Titanium is the leading material for artificial knee and hip joints because it is strong, wear-resistant and nontoxic.
"It is about 3-4 times harder than most steels," said Emilia Morosan, from Rice University.
"It's four times harder than pure titanium, which is what's currently being used in most dental implants and replacement joints," said Morosan.
The atomic structure of the material - its atoms are tightly packed in a "cubic" crystalline structure that is often associated with hardness - was previously known.
"We published a study not long ago on titanium-gold, a 1-to-1 ratio compound that was a magnetic material made from nonmagnetic elements," said Morosan.
"One of the things that we do when we make a new compound is try to grind it into powder for X-ray purposes. This helps with identifying the composition, the purity, the crystal structure and other structural properties," she said.
"When we tried to grind up titanium-gold, we couldn't. I even bought a diamond (coated) mortar and pestle, and we still couldn't grind it up," she said.
One of the extra compounds was a mixture of three parts titanium and one part gold that had been prepared at high temperature.

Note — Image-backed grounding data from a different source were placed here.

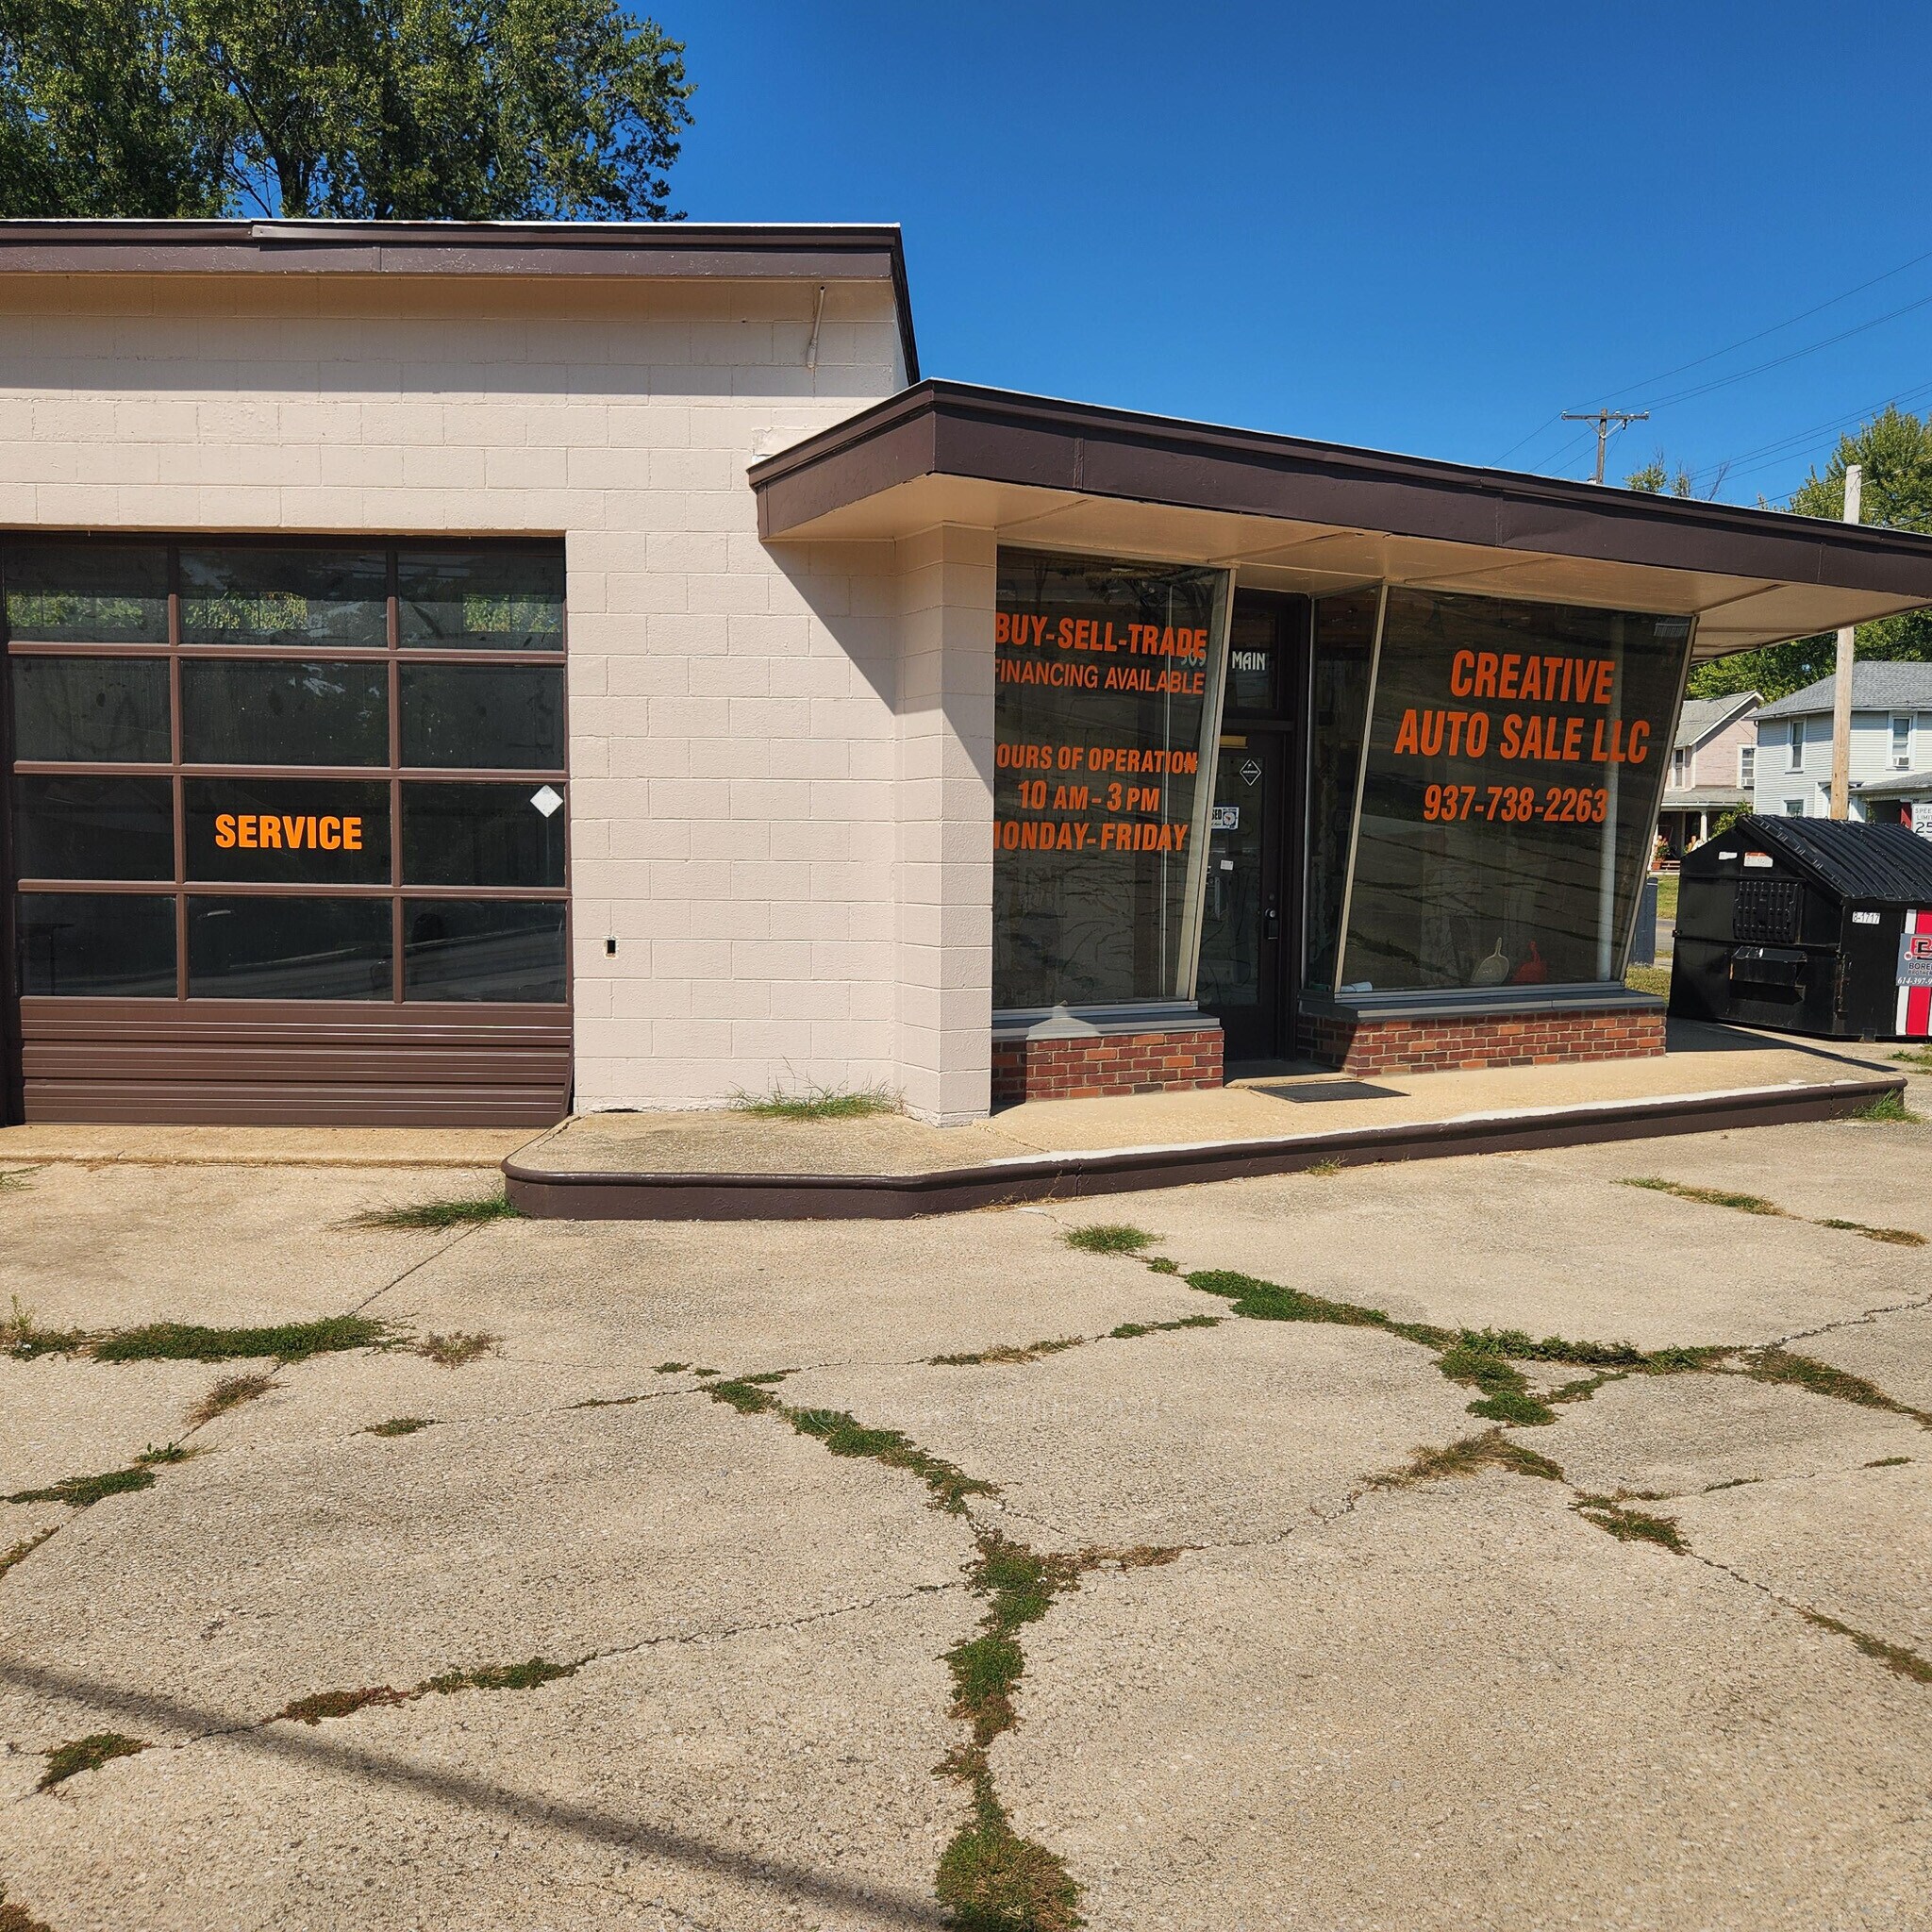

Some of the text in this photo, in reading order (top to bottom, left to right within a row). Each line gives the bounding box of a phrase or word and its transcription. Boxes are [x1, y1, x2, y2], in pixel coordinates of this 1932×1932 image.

[995, 612, 1208, 658] BUY-SELL-TRADE
[1231, 651, 1266, 671] MAIN
[1450, 649, 1615, 705] CREATIVE
[1104, 667, 1205, 695] AVAILABLE
[1393, 708, 1650, 764] AUTO SALE LLC
[1058, 746, 1084, 771] OF
[1088, 747, 1198, 774] OPERATION
[1018, 780, 1047, 810] 10
[1053, 785, 1089, 810] AM
[1107, 782, 1123, 811] 3
[1125, 787, 1160, 812] PM
[1424, 784, 1609, 823] 937-738-2263
[215, 813, 363, 850] SERVICE
[1908, 962, 1932, 971] BORE

Making titanium-3-gold at relatively high temperature produces an almost pure crystalline form of the beta version of the alloy - the crystal structure that is four times harder than titanium.
At lower temperatures, the atoms tend to arrange in another cubic structure - the alpha form of titanium-3-gold.
Researchers also performed other comparisons with titanium. For biomedical implants, for example, two key measures are biocompatibility and wear resistance.
Since titanium and gold by themselves are among the most biocompatible metals and are often used in medical implants, the team believed titanium-3-gold would be comparable.
Tests by colleagues at the University of Texas MD Anderson Cancer Centre determined that the new alloy was even more biocompatible and wear-resistant than pure titanium.